- **Exercise brief**
The records below need to be set down again exactly; their images stay out.

- **Annotated photo localization data**
============================================================
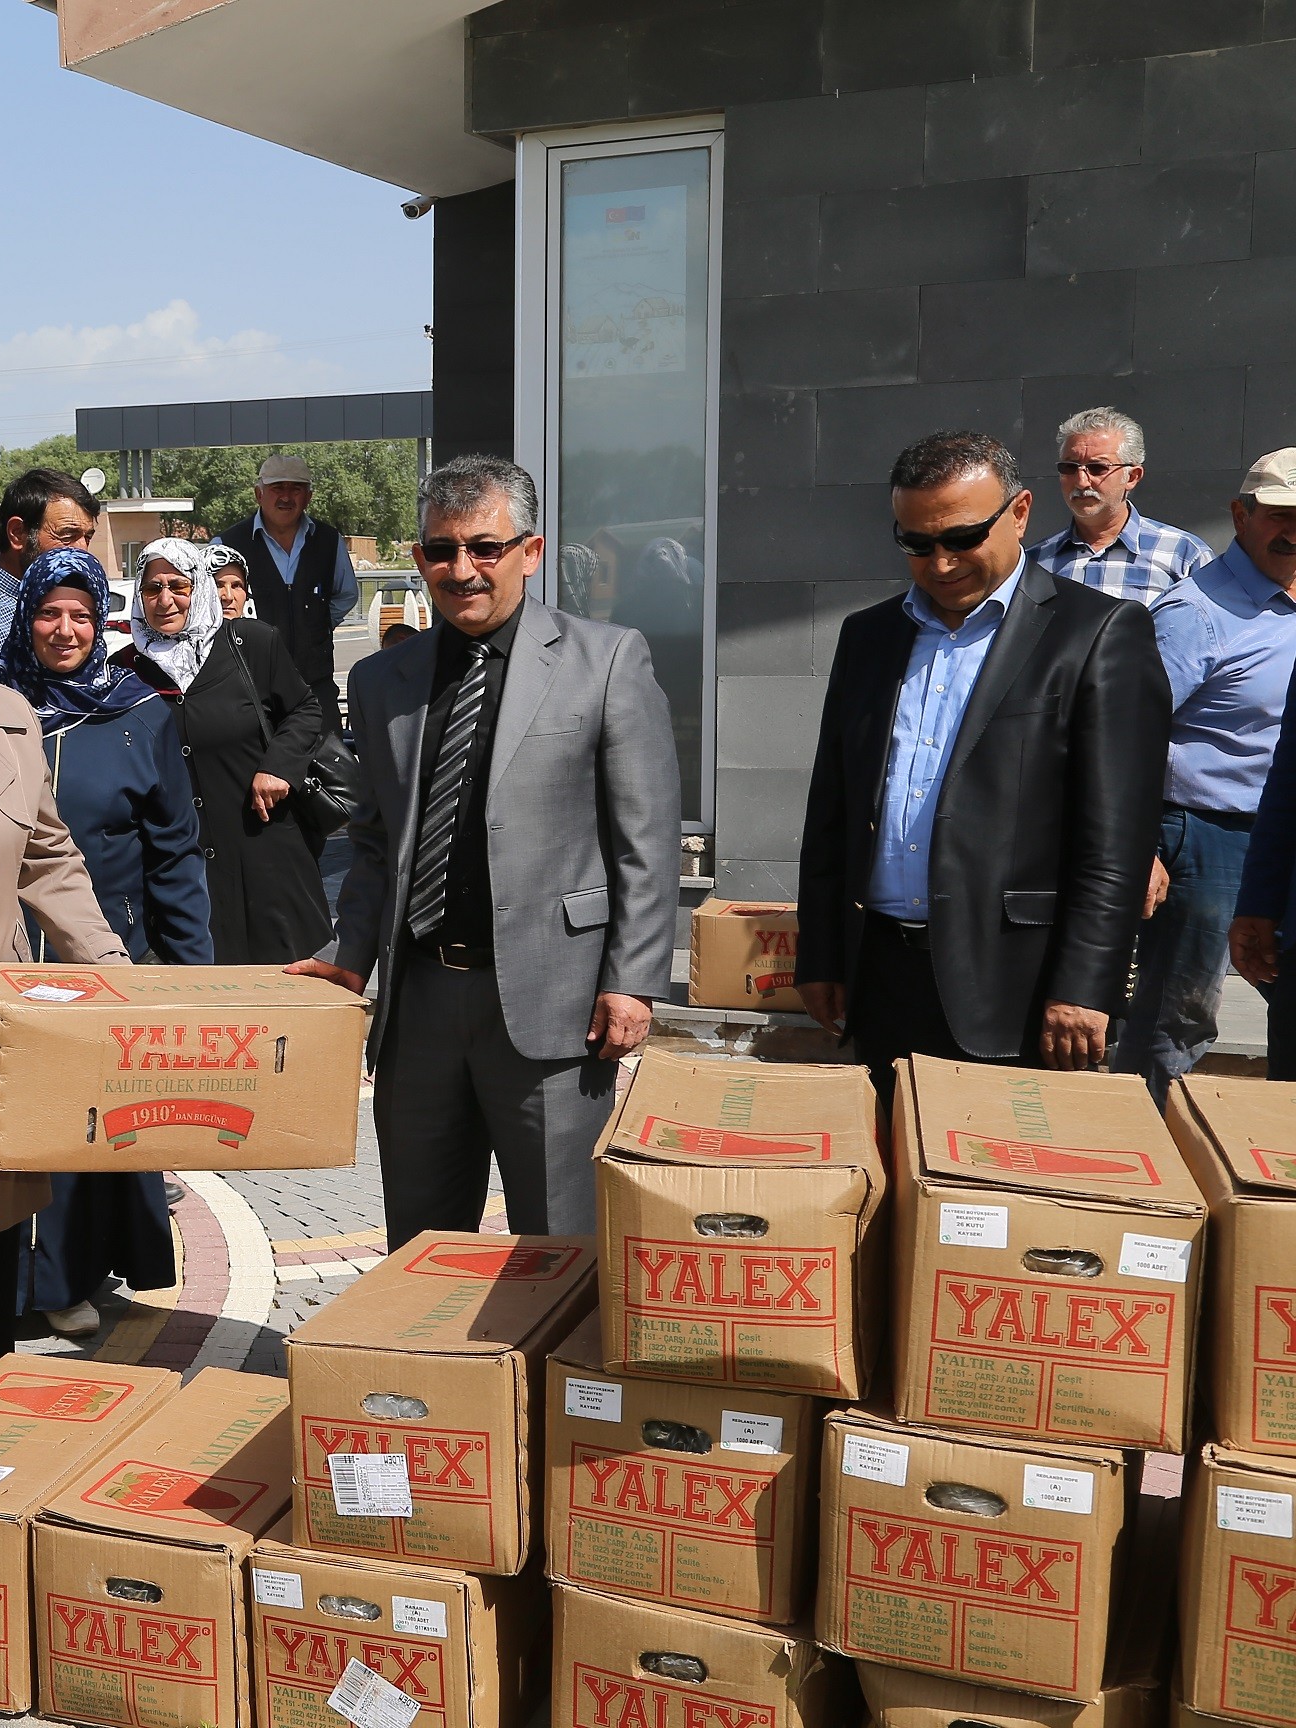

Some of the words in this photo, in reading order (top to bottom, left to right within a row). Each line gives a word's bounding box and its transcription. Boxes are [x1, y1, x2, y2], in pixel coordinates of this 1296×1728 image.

[129, 983, 241, 993] YALTIR
[105, 1076, 152, 1093] KALİTE
[156, 1076, 194, 1096] ÇİLEK
[198, 1074, 258, 1092] FİDELERİ
[176, 1113, 192, 1121] DAN
[194, 1113, 227, 1125] BUGÜNE
[938, 1353, 995, 1370] YALTIR
[1004, 1361, 1034, 1378] A.Ş.
[935, 1366, 949, 1375] P.K.
[951, 1368, 965, 1377] 151
[974, 1371, 999, 1383] ÇARŞI
[1006, 1375, 1035, 1386] ADANA
[1056, 1374, 1082, 1385] Çeşit
[933, 1376, 944, 1384] Tlf
[956, 1379, 976, 1390] (322)
[978, 1382, 993, 1391] 427
[995, 1384, 1005, 1392] 22
[1008, 1386, 1018, 1394] 10
[1019, 1388, 1035, 1397] pbx
[1055, 1388, 1084, 1398] Kalite
[932, 1386, 948, 1395] Fax
[955, 1389, 975, 1399] (322)
[978, 1392, 992, 1400] 427
[994, 1394, 1004, 1402] 22
[1280, 1390, 1296, 1399] 151
[1054, 1402, 1095, 1414] Sertifika
[1097, 1407, 1110, 1416] No
[1053, 1416, 1077, 1425] Kasa
[1080, 1419, 1093, 1427] No
[190, 1418, 262, 1467] YALTIR
[859, 1464, 883, 1472] KAYSERİ
[128, 1471, 184, 1510] YALEX
[1237, 1516, 1265, 1524] KAYSERİ
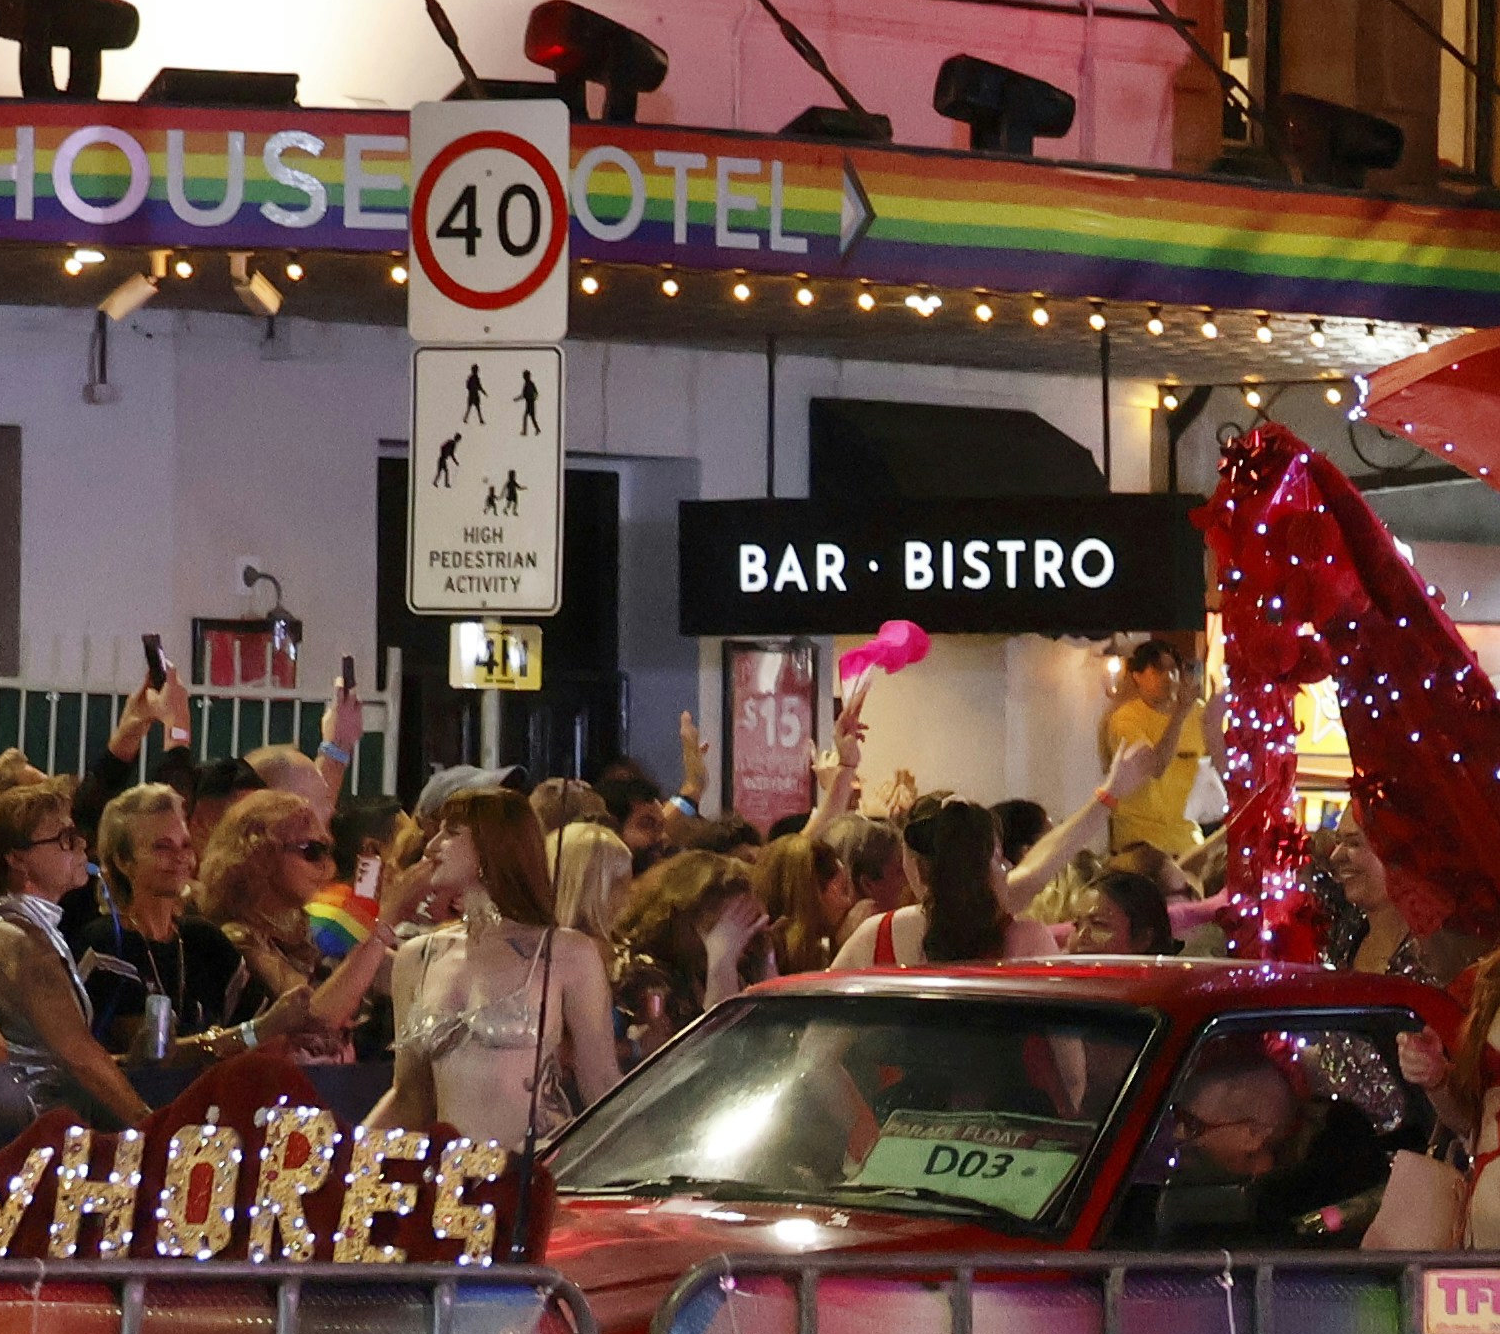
============================================================
- **Finished exercise**
Some of the words in this photo, in reading order (top to bottom, left to right within a row). Each line gives a word's bounding box and its transcription. Boxes are [x1, y1, x2, y2], in pixel coordinates of this 1296×1728 image.

[129, 983, 241, 993] YALTIR
[105, 1076, 152, 1093] KALİTE
[156, 1076, 194, 1096] ÇİLEK
[198, 1074, 258, 1092] FİDELERİ
[176, 1113, 192, 1121] DAN
[194, 1113, 227, 1125] BUGÜNE
[938, 1353, 995, 1370] YALTIR
[1004, 1361, 1034, 1378] A.Ş.
[935, 1366, 949, 1375] P.K.
[951, 1368, 965, 1377] 151
[974, 1371, 999, 1383] ÇARŞI
[1006, 1375, 1035, 1386] ADANA
[1056, 1374, 1082, 1385] Çeşit
[933, 1376, 944, 1384] Tlf
[956, 1379, 976, 1390] (322)
[978, 1382, 993, 1391] 427
[995, 1384, 1005, 1392] 22
[1008, 1386, 1018, 1394] 10
[1019, 1388, 1035, 1397] pbx
[1055, 1388, 1084, 1398] Kalite
[932, 1386, 948, 1395] Fax
[955, 1389, 975, 1399] (322)
[978, 1392, 992, 1400] 427
[994, 1394, 1004, 1402] 22
[1280, 1390, 1296, 1399] 151
[1054, 1402, 1095, 1414] Sertifika
[1097, 1407, 1110, 1416] No
[1053, 1416, 1077, 1425] Kasa
[1080, 1419, 1093, 1427] No
[190, 1418, 262, 1467] YALTIR
[859, 1464, 883, 1472] KAYSERİ
[128, 1471, 184, 1510] YALEX
[1237, 1516, 1265, 1524] KAYSERİ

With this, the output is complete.